We use a kernelized cross-correlation distance metric to compare light curves (astronomy time series) based on their morphology. We pre-process the light curves by folding them based on their period and using interpolation and standardizing to produce evently spaced observations on a similar scale. Finally, we compute and maximize the distance between two light curves with a kernelized cross-correlation score using phase shifting.
Using the feature space of our time-series data, we can compute the weighted arithmetic mean as a distance metric. The feature space provides a scalable way to explore large time series databases. It allows us to enhance our similarity searches and identify interesting observations using a potentially lower-dimensional space. We can select weighted features based on a specific profile to encourage the search results.

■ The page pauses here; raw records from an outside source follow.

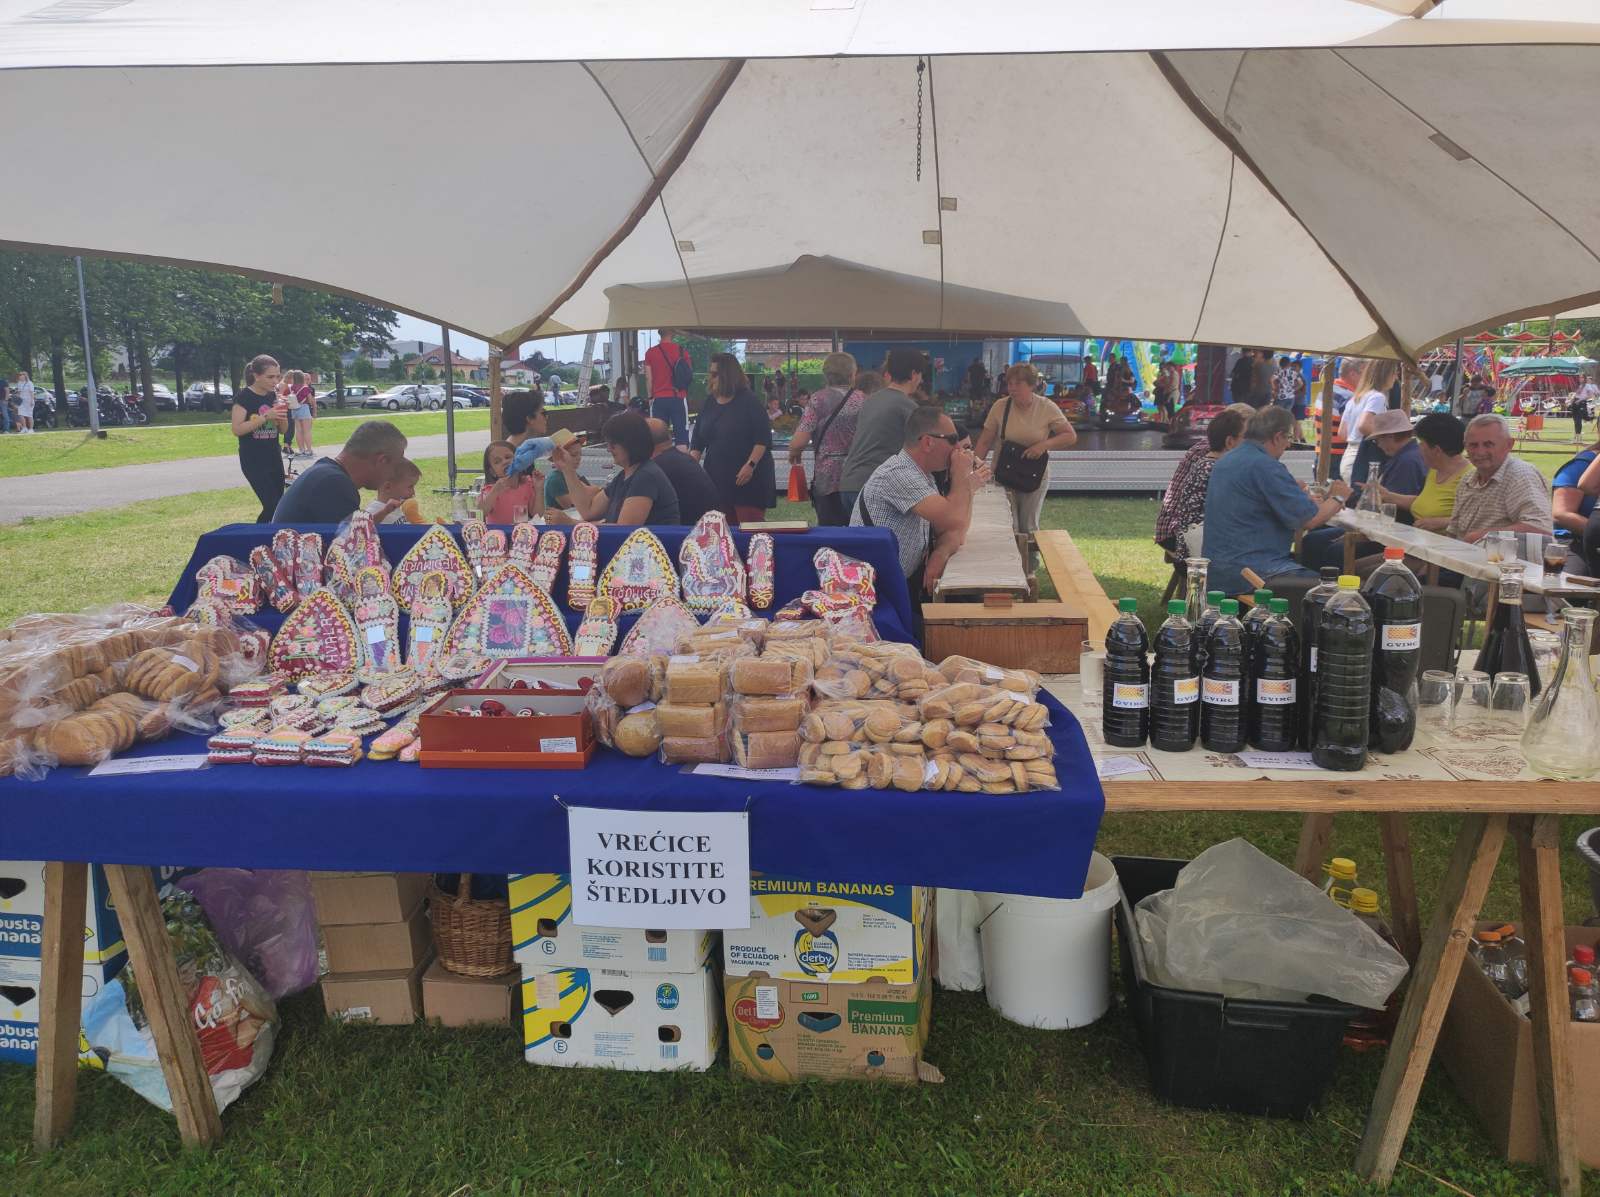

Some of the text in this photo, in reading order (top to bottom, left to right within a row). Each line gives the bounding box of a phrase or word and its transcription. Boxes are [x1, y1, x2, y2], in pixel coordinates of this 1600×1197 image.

[597, 830, 712, 853] VREĆICE
[587, 857, 725, 879] KORISTITE
[587, 880, 727, 905] ŠTEDLJIVO
[816, 882, 895, 896] BANANAS
[730, 945, 767, 953] PRODUCE
[742, 952, 780, 961] ECUADOR
[801, 952, 832, 969] derby
[851, 1010, 905, 1023] Premium
[851, 1022, 913, 1036] BANANAS

We use parallel coordinates to explore the feature space of the databse where each column represents a feature. Different ranges can be selected to explore & isolate examples with which a similarity search can be based on.
Try it live (click the "Explore the Data" button)
First, select the features important for your desired search profile. Next, decide whether to compute similarity metrics using the standardized or non-standardized version of the light curves. Finally, search for the most similar in the database using a specific observation.
Try it live
The "target" light curve (which the search was based on) is shown in green. The left half of the screen contains a search results cluster at the top. The target is at the center, closer nodes are more similar based on the cross-correlation metric. Each node in the cluster has a bar to the right which expresses feature space distance to the target.
Below the cluster, a one-to-many comparison chart shows the target's overall shape compared to the top 30 most similar in the database. To the right, a one-to-one comparison is plotted showing the target directly compared to the most recently hovered object from the cluster.
The right half of the screen is a table of the feature space for the 30 most similar observations in the database. The most recently hovered node on the cluster is highlighted in blue on the table while the most recently hovered row on the table is highlighted in orange on the cluster.
You can click a node on the cluster or a row on the table to search with that observation as the new target.
Try it live (click "Get Time Series")
We built this time series search engine application to enable a target-based search in order to find similar time series in a database. We demonstrated its capabilities using two astronomy light curve surveys. To allow scientists to explore and isolate interesting examples, we provided parallel coordinates to probe the feature space and a visual analytics dashboard to interact with search results. Further, new light curves of interest can be selected for a new similarity search.
We feel that two improvements in particular are of the utmost importance. First, we are only using 2,000 total light curves in the current demo version due to scalability issues. We feel that utilizing parallelization and improving the database architecture are needed to scale with the billions of light curves expected to be available in the near future. Second, we have receieved positive feedback about this system but are always asked if new light curves can be added to the database. Ultimately, users should be able to upload their own light curves to see what they are similar to in a massive database containing all available astronomy surveys.